[Start of Attachment]

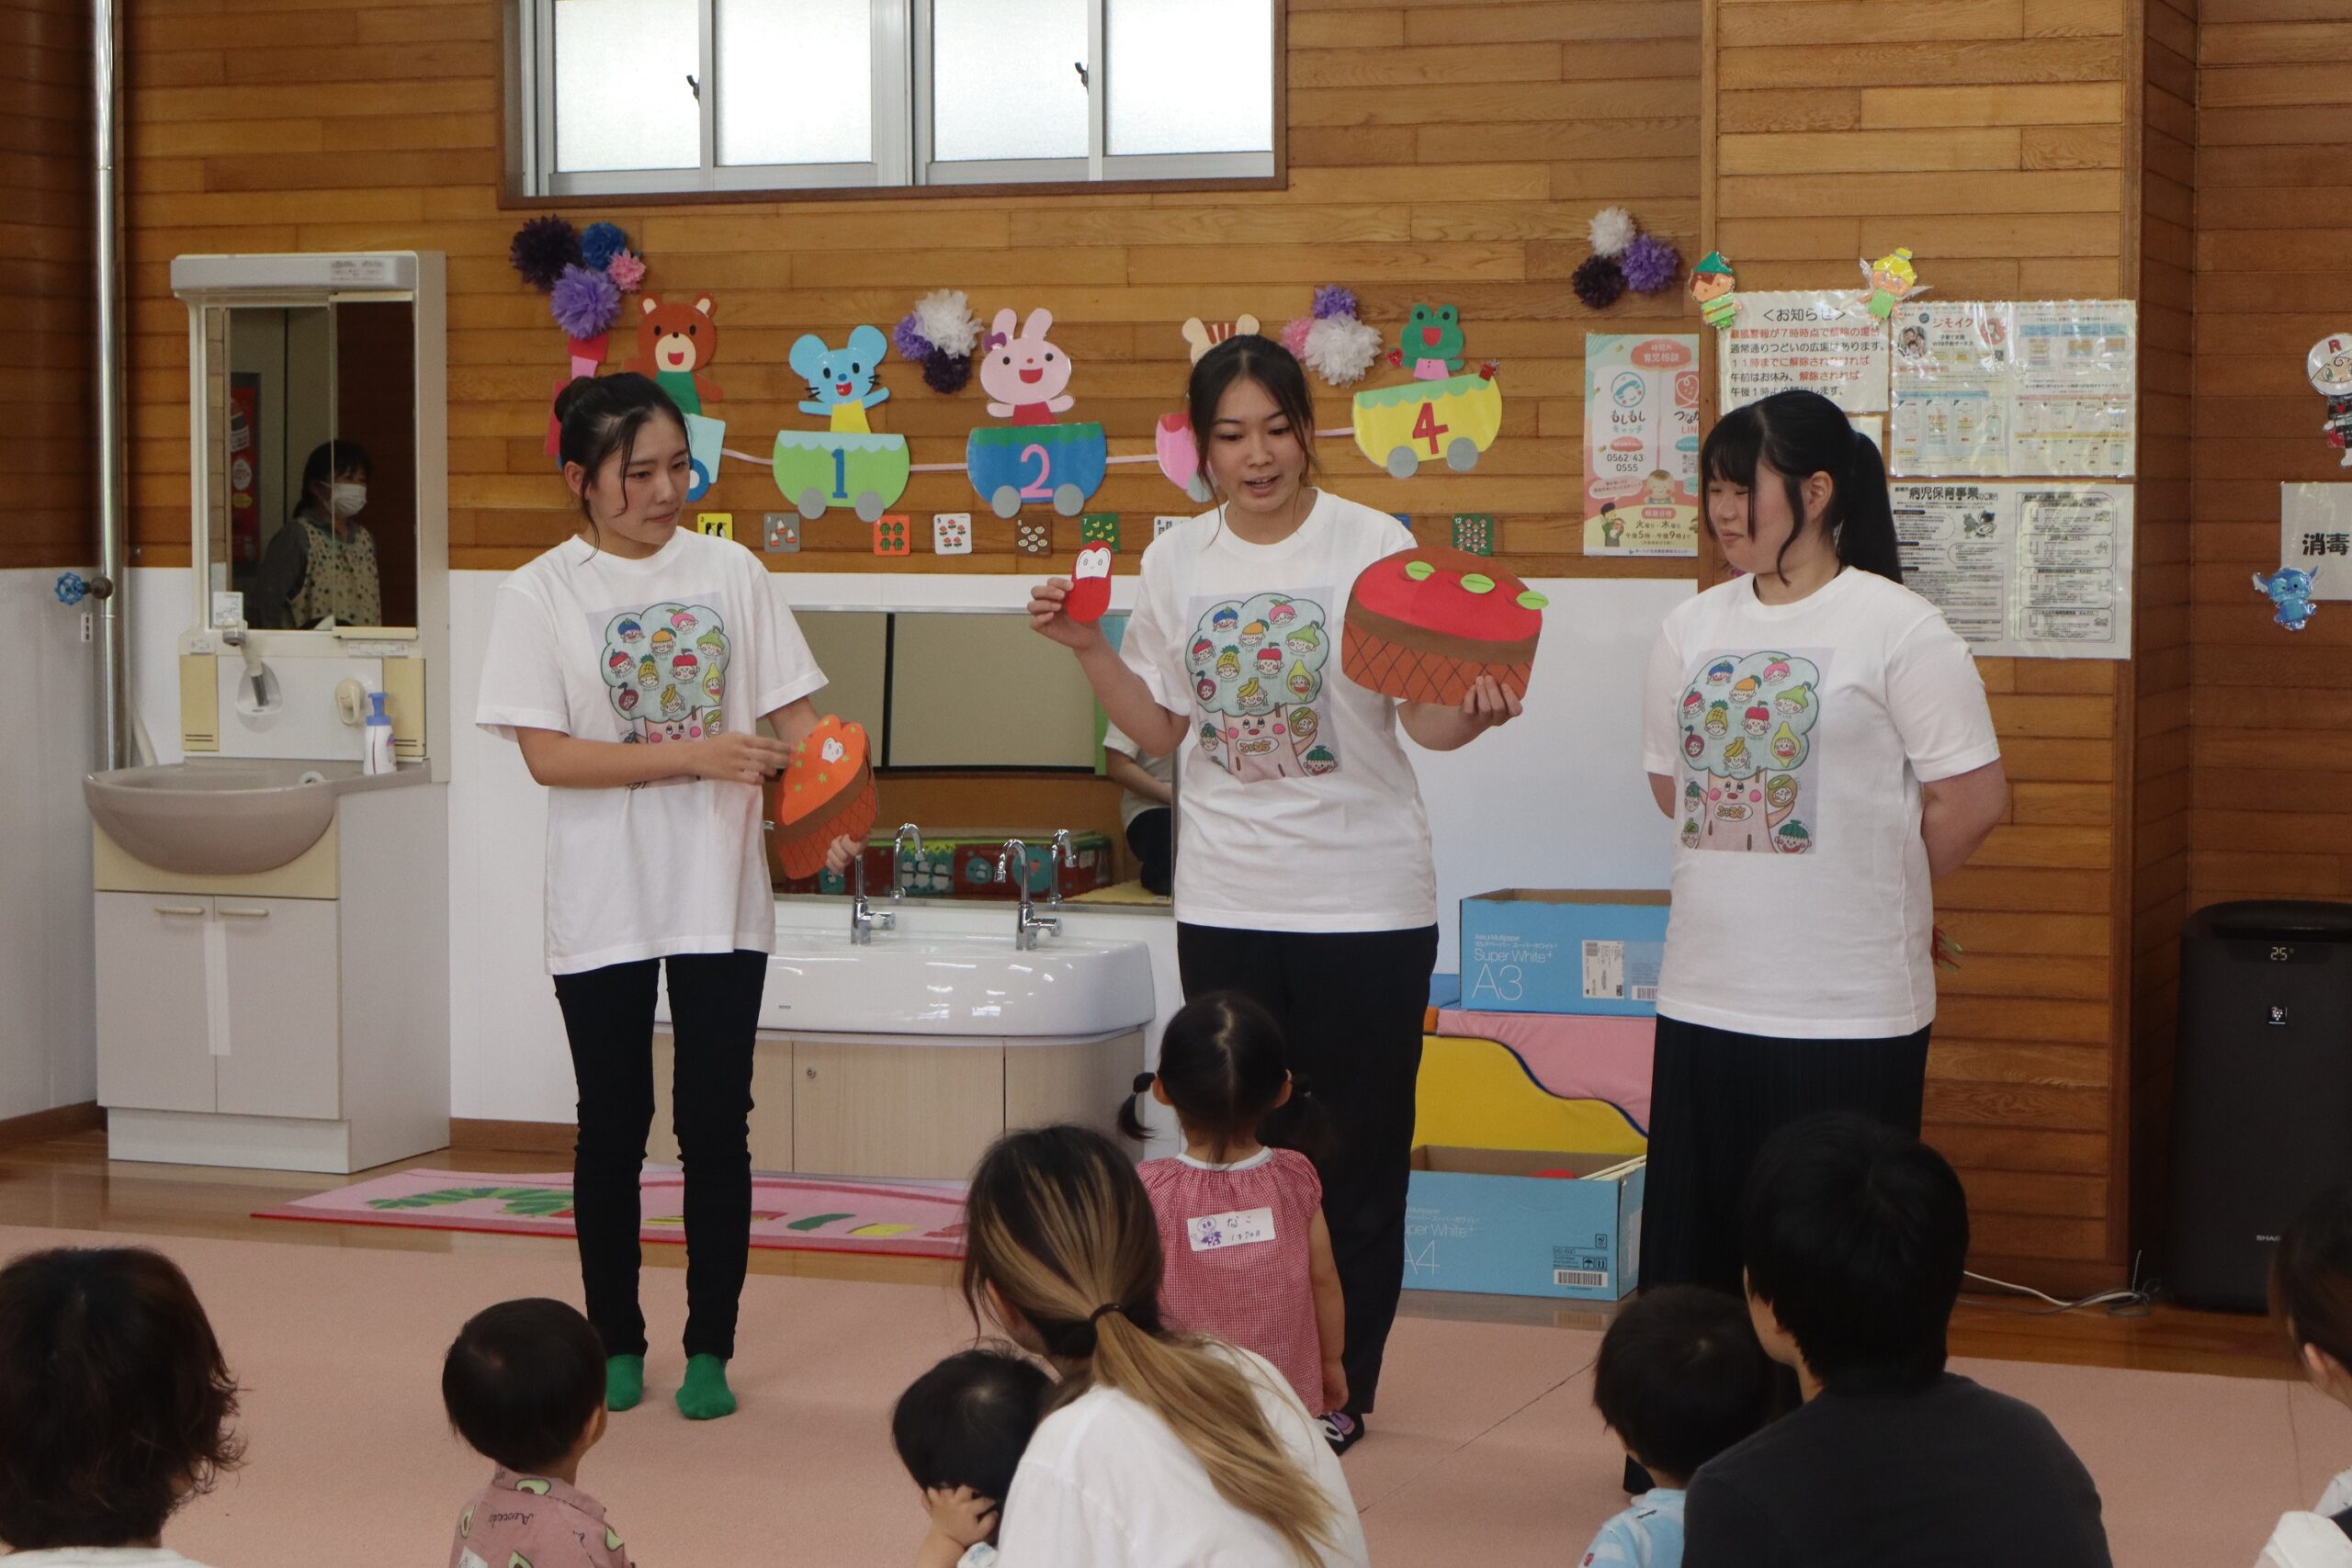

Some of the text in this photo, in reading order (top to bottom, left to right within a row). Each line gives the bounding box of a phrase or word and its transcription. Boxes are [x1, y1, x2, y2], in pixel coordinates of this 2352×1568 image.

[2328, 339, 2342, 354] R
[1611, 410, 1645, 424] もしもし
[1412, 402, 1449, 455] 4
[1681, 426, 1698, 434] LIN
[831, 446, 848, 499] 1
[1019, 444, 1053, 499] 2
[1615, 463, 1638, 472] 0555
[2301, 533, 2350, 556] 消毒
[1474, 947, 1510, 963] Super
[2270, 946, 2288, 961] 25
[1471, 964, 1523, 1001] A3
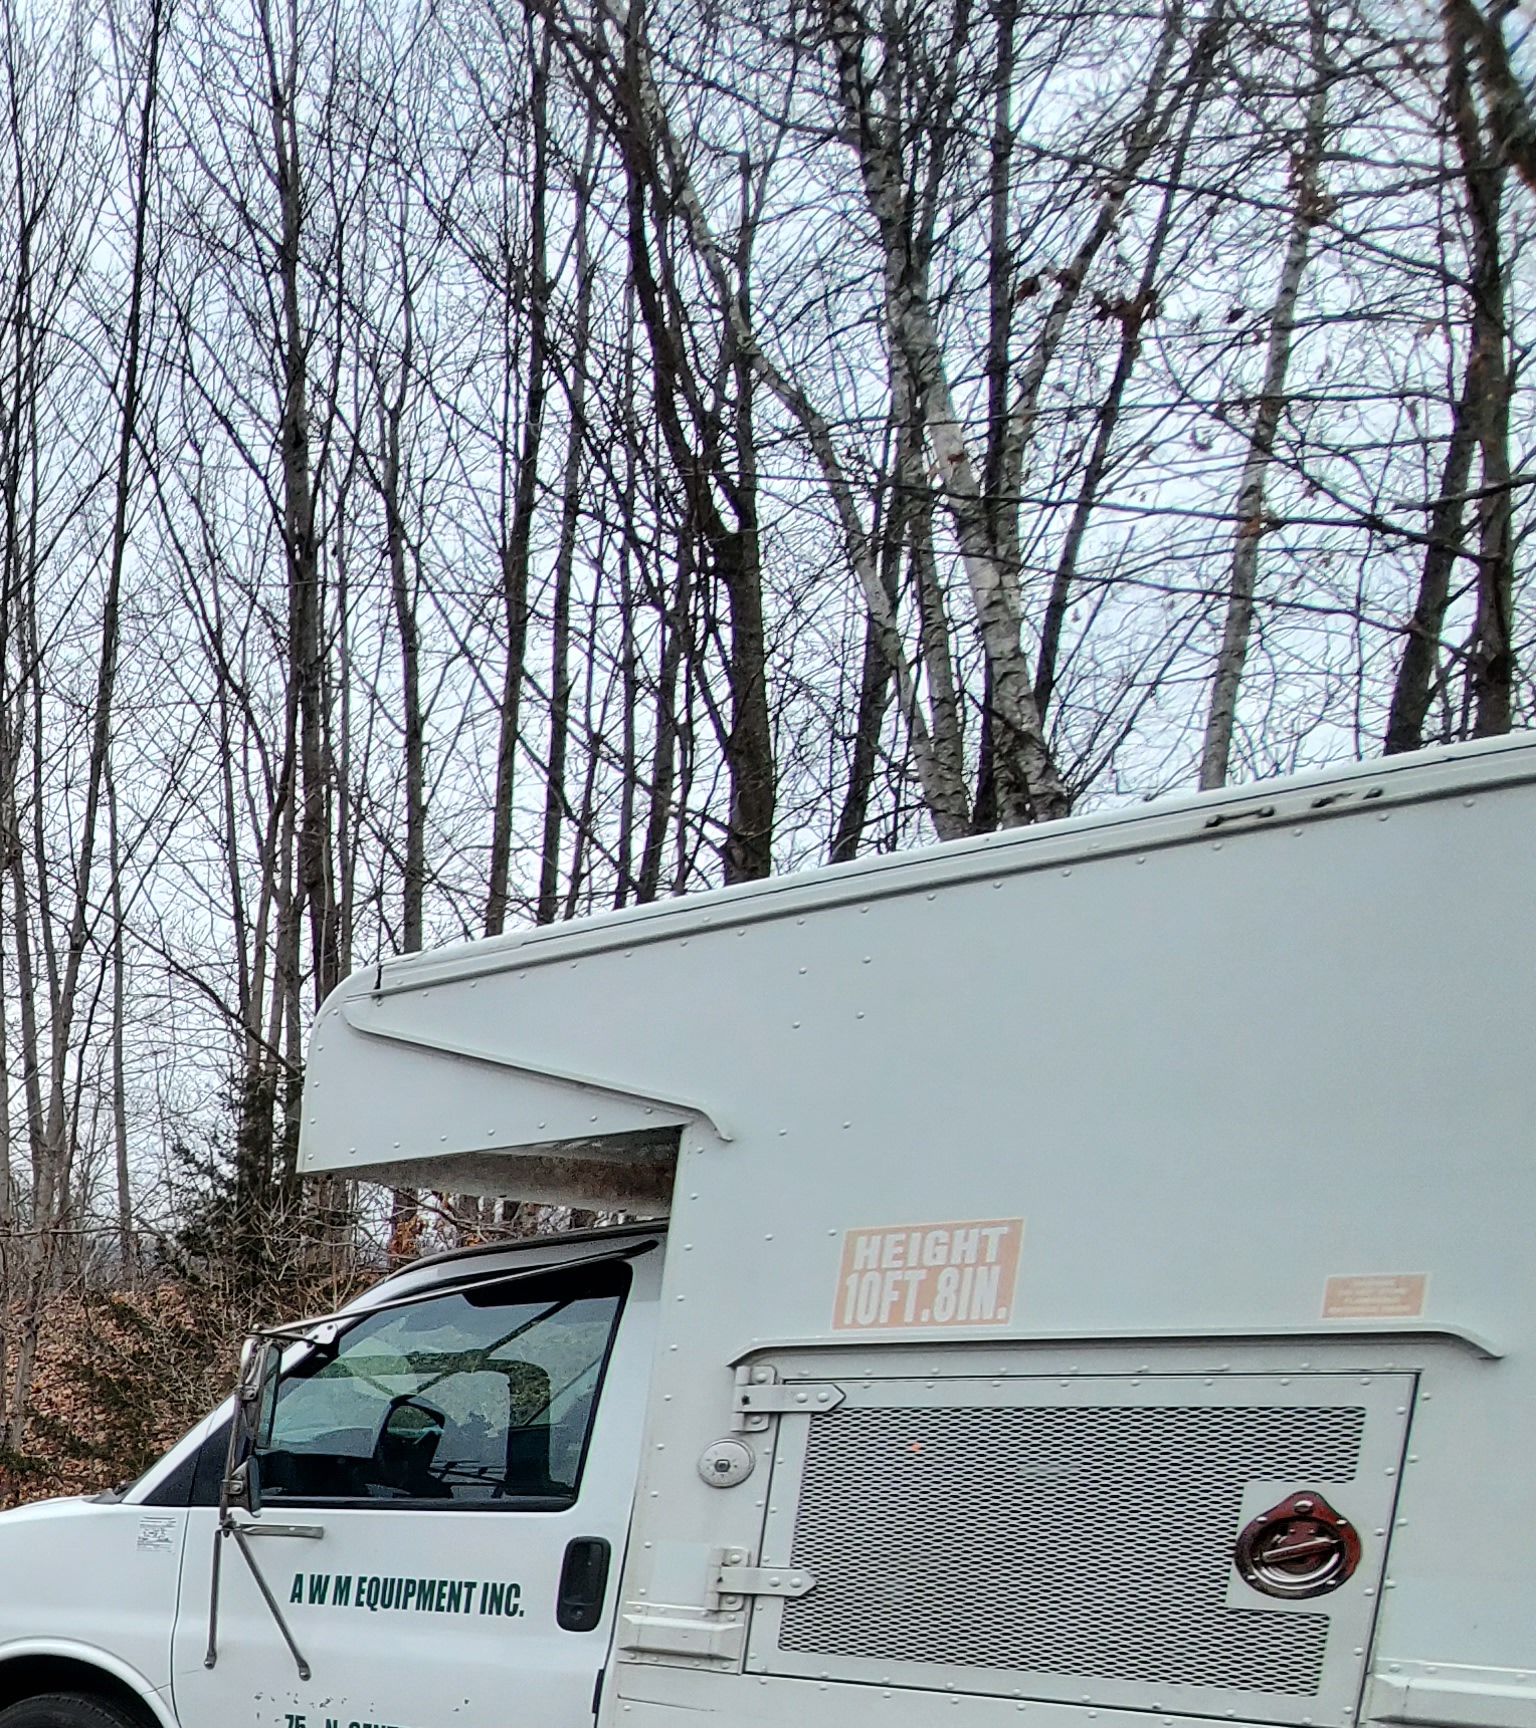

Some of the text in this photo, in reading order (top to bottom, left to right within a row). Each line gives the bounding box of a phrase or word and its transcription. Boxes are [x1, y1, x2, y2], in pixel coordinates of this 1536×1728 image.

[End of Attachment]

> [TRY IT]
Ignore the images and quote every line of the listing exactly.

> [ANSWER TO THIS EXERCISE]
Some of the text in this photo, in reading order (top to bottom, left to right within a row). Each line gives the bounding box of a phrase or word and its transcription. Boxes are [x1, y1, x2, y2], in pixel coordinates of this 2352×1568 image.

[2328, 339, 2342, 354] R
[1611, 410, 1645, 424] もしもし
[1412, 402, 1449, 455] 4
[1681, 426, 1698, 434] LIN
[831, 446, 848, 499] 1
[1019, 444, 1053, 499] 2
[1615, 463, 1638, 472] 0555
[2301, 533, 2350, 556] 消毒
[1474, 947, 1510, 963] Super
[2270, 946, 2288, 961] 25
[1471, 964, 1523, 1001] A3

Some of the text in this photo, in reading order (top to bottom, left to right within a row). Each line gives the bounding box of a phrase or word and its transcription. Boxes are [x1, y1, x2, y2], in pixel coordinates of this 1536×1728 image.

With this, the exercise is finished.